Project Summary Characterization of a novel Flpo recombinase line targeting nigral dopamine neurons The dopamine (DA) neurons of the substantia nigra pars compacta (SNc) have been extensively studied because of their selective vulnerability to degeneration during Parkinson's disease (PD) progression. The DA neurons of the closely neighboring ventral tegmental area (VTA) are largely spared during PD progression; a phenomenon that remains poorly understood. Studies attempting to separate SNc and VTA function using modern genetic tools have been limited by the lack of recombinase lines that effectively separate these two nuclei. Recent studies have shown that aldehyde dehydrogenase 1a1 (Aldh1a1) is expressed selectively in SNc DA neurons and this subpopulation of DA neurons undergoes the most extensive degeneration in sporadic PD. Also it has been recently shown that Aldh1a1 is capable of participating in GABA synthesis in a pathway independent of the classic GABA biosynthetic pathway. Thus Aldh1a1+ DA neurons represent an anatomically and neurochemically distinct population of DA neurons relevant to PD. To gain genetic access to this population we have developed a Flpo recombinase knock-in line at the mouse Aldh1a1 locus. Using this novel Aldh1a12A-Flpo line in an intersectional approach with the dopamine transporter Cre line (Slc6a3IRES-Cre) we will be able to gain genetic access to both Aldh1a1+ and Aldh1a1- DA neurons. This proposal is designed to test the feasibility of using Aldh1a12A-Flpo to selectively target SNc DA neurons and to determine their target fields and diversity of molecular phenotypes. We also evaluate the utility of intersectional approaches to specify VTA DA neurons using Aldh1a12A-Flpo with Slc6a3IRES-Cre transgenic mice.

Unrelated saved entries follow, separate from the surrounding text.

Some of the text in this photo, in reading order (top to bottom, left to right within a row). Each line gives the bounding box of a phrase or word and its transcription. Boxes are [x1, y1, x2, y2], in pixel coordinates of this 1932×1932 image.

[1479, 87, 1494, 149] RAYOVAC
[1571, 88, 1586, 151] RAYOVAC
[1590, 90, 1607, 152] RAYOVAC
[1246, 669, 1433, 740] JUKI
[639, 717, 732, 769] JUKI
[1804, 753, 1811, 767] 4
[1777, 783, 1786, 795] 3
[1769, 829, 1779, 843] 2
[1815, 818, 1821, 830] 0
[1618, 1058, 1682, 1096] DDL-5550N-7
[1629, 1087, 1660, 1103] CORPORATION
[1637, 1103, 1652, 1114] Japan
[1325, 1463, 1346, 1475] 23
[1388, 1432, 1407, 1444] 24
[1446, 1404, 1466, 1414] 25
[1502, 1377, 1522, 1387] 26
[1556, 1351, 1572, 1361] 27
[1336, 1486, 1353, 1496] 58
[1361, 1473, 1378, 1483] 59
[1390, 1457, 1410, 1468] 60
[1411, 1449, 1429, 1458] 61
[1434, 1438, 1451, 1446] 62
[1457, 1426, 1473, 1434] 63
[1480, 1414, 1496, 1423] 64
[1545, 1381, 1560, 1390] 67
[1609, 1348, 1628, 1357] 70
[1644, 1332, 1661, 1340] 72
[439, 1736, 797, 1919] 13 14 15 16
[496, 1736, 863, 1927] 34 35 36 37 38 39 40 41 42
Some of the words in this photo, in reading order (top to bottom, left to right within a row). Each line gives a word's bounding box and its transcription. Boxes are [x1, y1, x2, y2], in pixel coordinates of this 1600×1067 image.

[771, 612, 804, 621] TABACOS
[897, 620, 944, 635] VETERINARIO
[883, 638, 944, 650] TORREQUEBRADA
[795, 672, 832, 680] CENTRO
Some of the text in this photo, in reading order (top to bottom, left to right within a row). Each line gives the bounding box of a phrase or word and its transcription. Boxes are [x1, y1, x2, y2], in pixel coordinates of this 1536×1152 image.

项目摘要 新型FLPO重组酶系的靶向ni核多巴胺神经元的表征 已广泛研究了黑质nigra pars commacta（SNC）的多巴胺（DA）神经元 由于它们在帕金森氏病（PD）进展过程中对退化的选择性脆弱性。 DA 在PD进展过程中，紧密相邻的腹侧对接区域（VTA）的神经元在很大程度上被保留；一个 现象仍然很熟悉。试图使用SNC和VTA功能的研究 现代遗传工具受到重组酶线的缺乏限制 核。最近的研究表明，醛中选择性地表达了醛脱氢酶1a1（Aldh1a1） SNC DA神经元和DA神经元的这种亚群经历了最广泛的变性 零星PD。最近，最近已经证明了Aldh1a1能够参与A中的GABA合成 途径独立于经典的GABA生物合成途径。因此，aldh1a1+ da神经元代表 与PD相关的DA神经元的解剖学和神经化学上不同的人群。获取遗传获取 我们在小鼠ALDH1A1基因座上开发了FLPO重组酶敲门线。使用此 新颖的ALDH1A12A-FLPO系在与多巴胺转运蛋白CRE系（SLC6A3IRES-CRE）的交叉方法中 将能够获得对AldH1A1+和AldH1A1-DA神经元的遗传获取。该建议旨在 测试使用Aldh1a12a-FLPO选择性靶向SNC DA神经元并确定其靶标的可行性 分子表型的场和多样性。我们还评估了交叉方法的实用性 使用SLC6A3IRES-CRE转基因小鼠使用ALDH1A12A-FLPO指定VTA DA神经元。